PREMIÈRE CONFÉRENCE
DE LA FIN DU MONDE.
DES SIGNES DONT ELLE SERA PRÉCÉDÉE ET DES CIRCONSTANCES QUI L’ACCOMPAGNERONT.
Veniet dies Domini sicut fur, in quo cœli magno impetu transient.
Nous avons conservé, dans nos annales de Savoie, la mémoire et la tradition d’une épouvantable catastrophe, qui nous offre l’image et l’esquisse de ce qui se réalisera à l’époque où Dieu abandonnera le genre humain et où sa divine patience se sera lassée sans retour.
C’était il y a sept cents ans, en 1248, le 24 novembre, veille du jour où l’Église célèbre la fête de sainte Catherine ; ce soir-là, la saison était douce, l’air calme, les étoiles scintillaient au ciel. Toute la vallée où est située actuellement la ville de Chambéry reposait tranquille et en sécurité.
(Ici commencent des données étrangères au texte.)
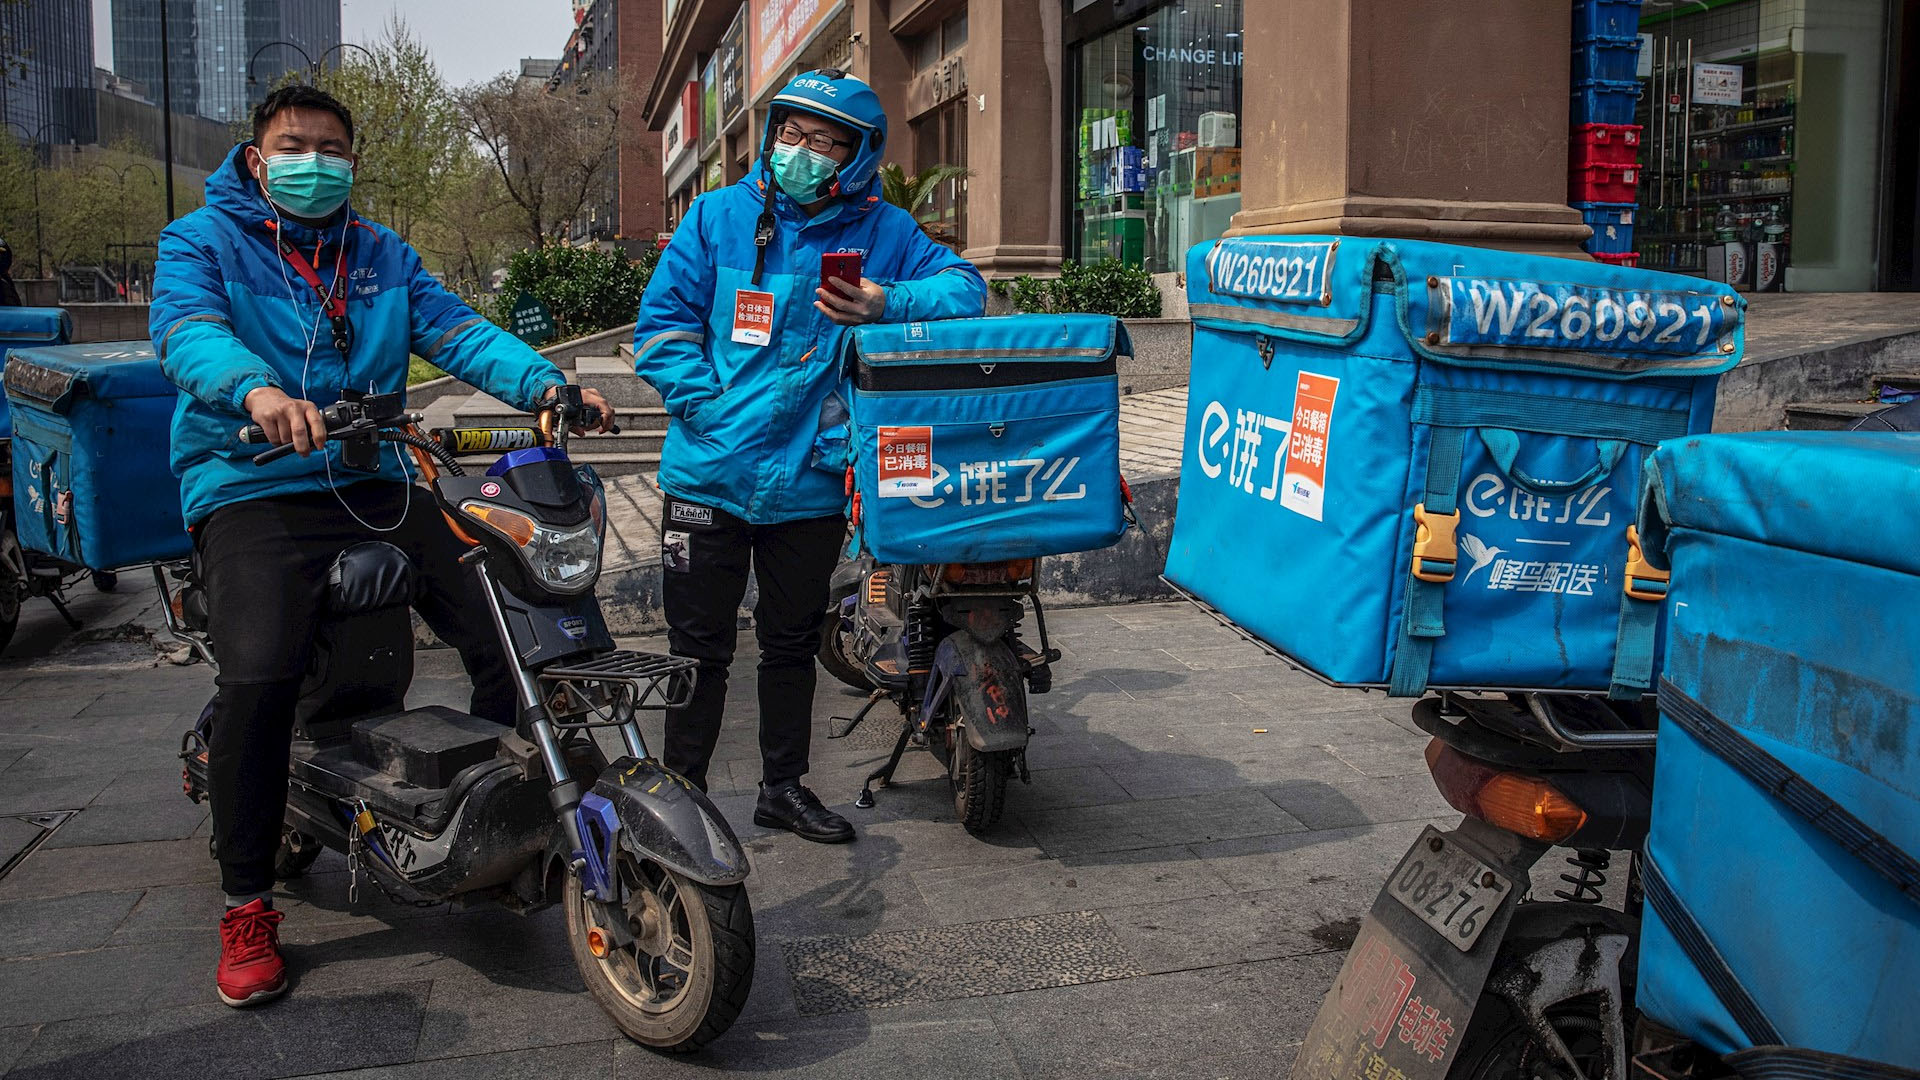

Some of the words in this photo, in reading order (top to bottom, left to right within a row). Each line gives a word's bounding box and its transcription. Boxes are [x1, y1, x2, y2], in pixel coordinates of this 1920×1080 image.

[1143, 46, 1215, 64] CHANGE
[1217, 251, 1318, 298] W260921
[738, 312, 770, 324] 检测正常
[739, 303, 771, 315] 今日体温
[1469, 287, 1713, 345] W260921
[1295, 406, 1328, 435] 今日餐箱
[884, 443, 927, 454] 今日餐箱
[1291, 432, 1324, 468] 已消毒
[884, 456, 928, 471] 已消毒
[1487, 558, 1599, 595] 蜂鸟配送
[563, 619, 583, 628] SPORT
[1399, 860, 1485, 938] 08276
[1398, 996, 1454, 1063] 电动车
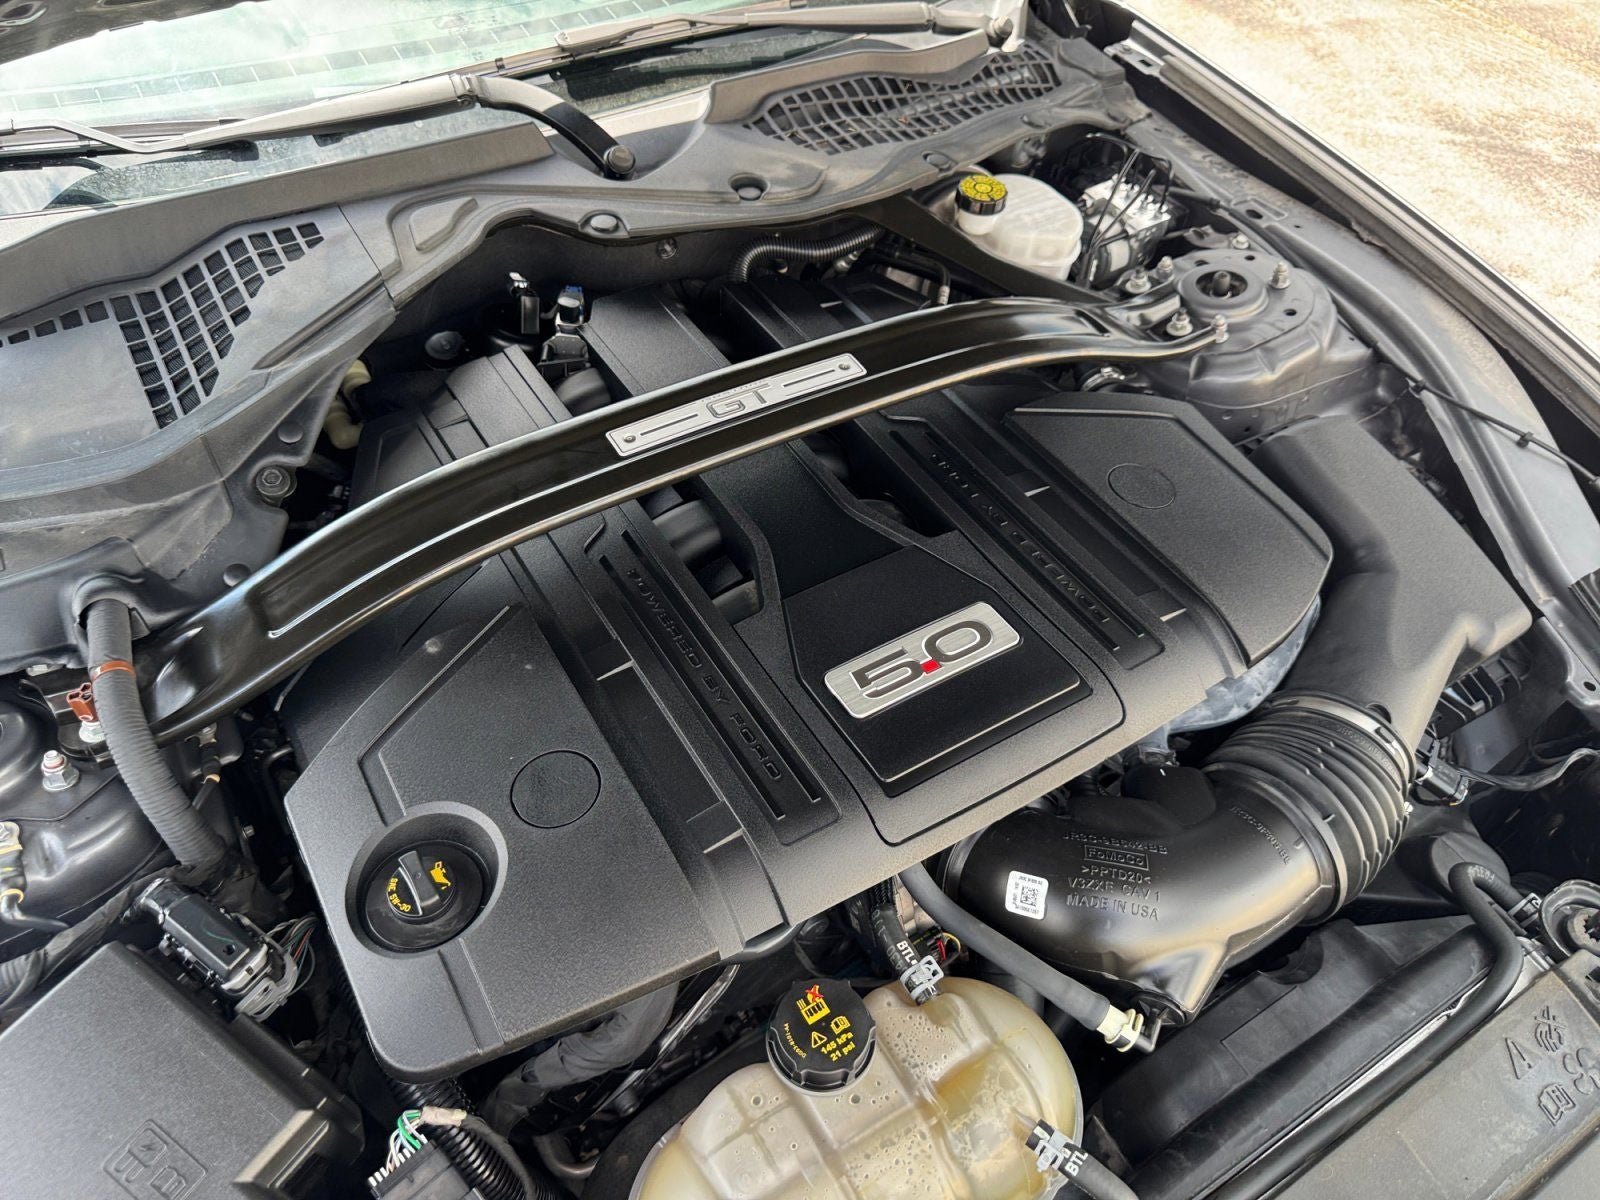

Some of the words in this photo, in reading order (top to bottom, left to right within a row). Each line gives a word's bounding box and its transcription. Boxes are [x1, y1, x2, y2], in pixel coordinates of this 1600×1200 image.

[706, 382, 772, 419] GT
[849, 620, 994, 699] 5.0
[702, 676, 730, 705] BY
[729, 712, 782, 781] FORD
[1088, 848, 1145, 866] FoMoCo
[387, 877, 398, 892] SAE
[1066, 892, 1109, 911] MADE
[1112, 899, 1127, 913] IN
[1131, 902, 1159, 920] USA
[821, 1040, 837, 1055] 145
[836, 1031, 854, 1046] kPa
[830, 1050, 842, 1062] 21
[842, 1041, 856, 1055] psi
[1065, 1150, 1089, 1177] BTL
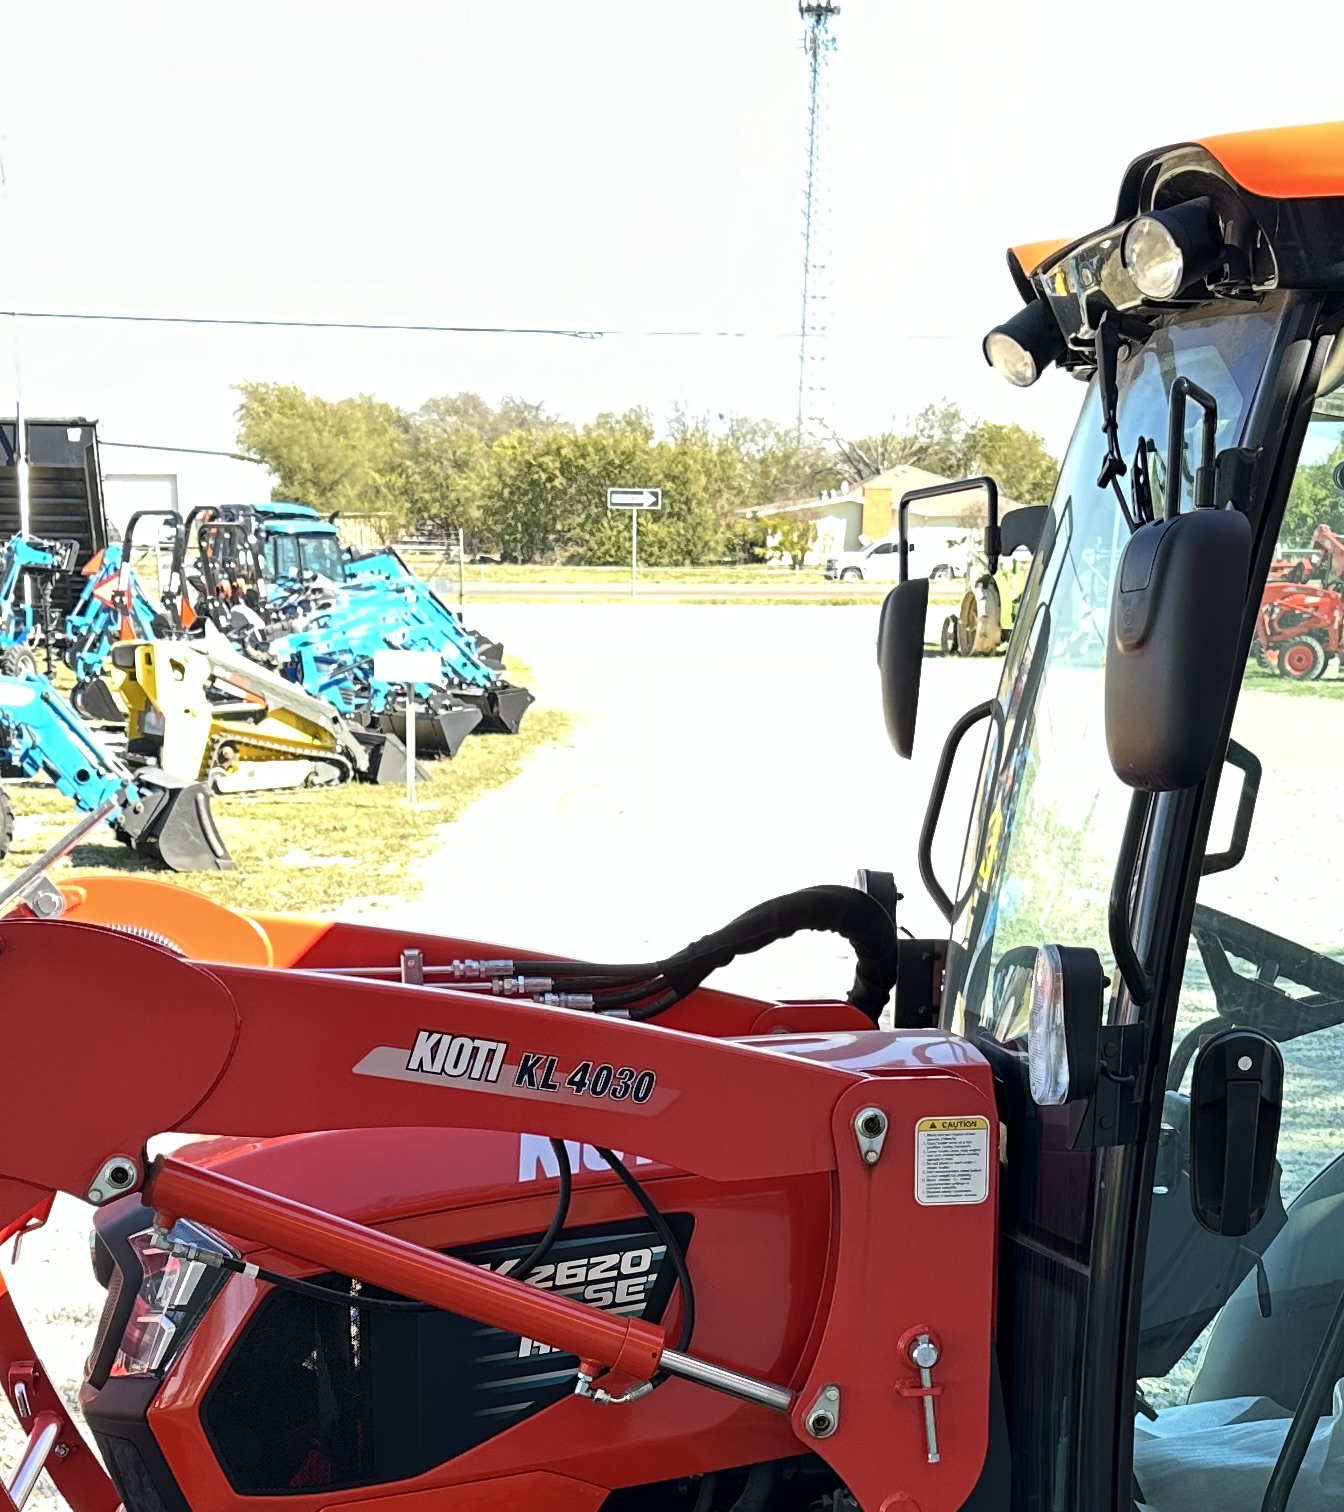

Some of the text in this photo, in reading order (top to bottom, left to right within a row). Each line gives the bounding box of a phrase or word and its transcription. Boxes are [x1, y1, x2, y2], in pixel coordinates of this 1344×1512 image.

Alors, un personnage impie et pervers exerçait une domination tyrannique sur une ville à jamais disparue, mais qui, à cette époque, était voisine de la cité dont je parle. Ce personnage venait de réunir de nombreux et joyeux convives.
Il célébrait par des festins et par des orgies licencieuses la spoliation sacrilège d’un monastère qu’il avait converti en un lieu profane, après en avoir chassé sans pitié les moines et les hôtes sacrés qui en étaient les légitimes possesseurs.
Sans doute, comme au temps de Balthasar, le repas était somptueux, et le vin et les liqueurs, mêlés aux blasphèmes et aux rires sardoniques, y coulaient à grands flots.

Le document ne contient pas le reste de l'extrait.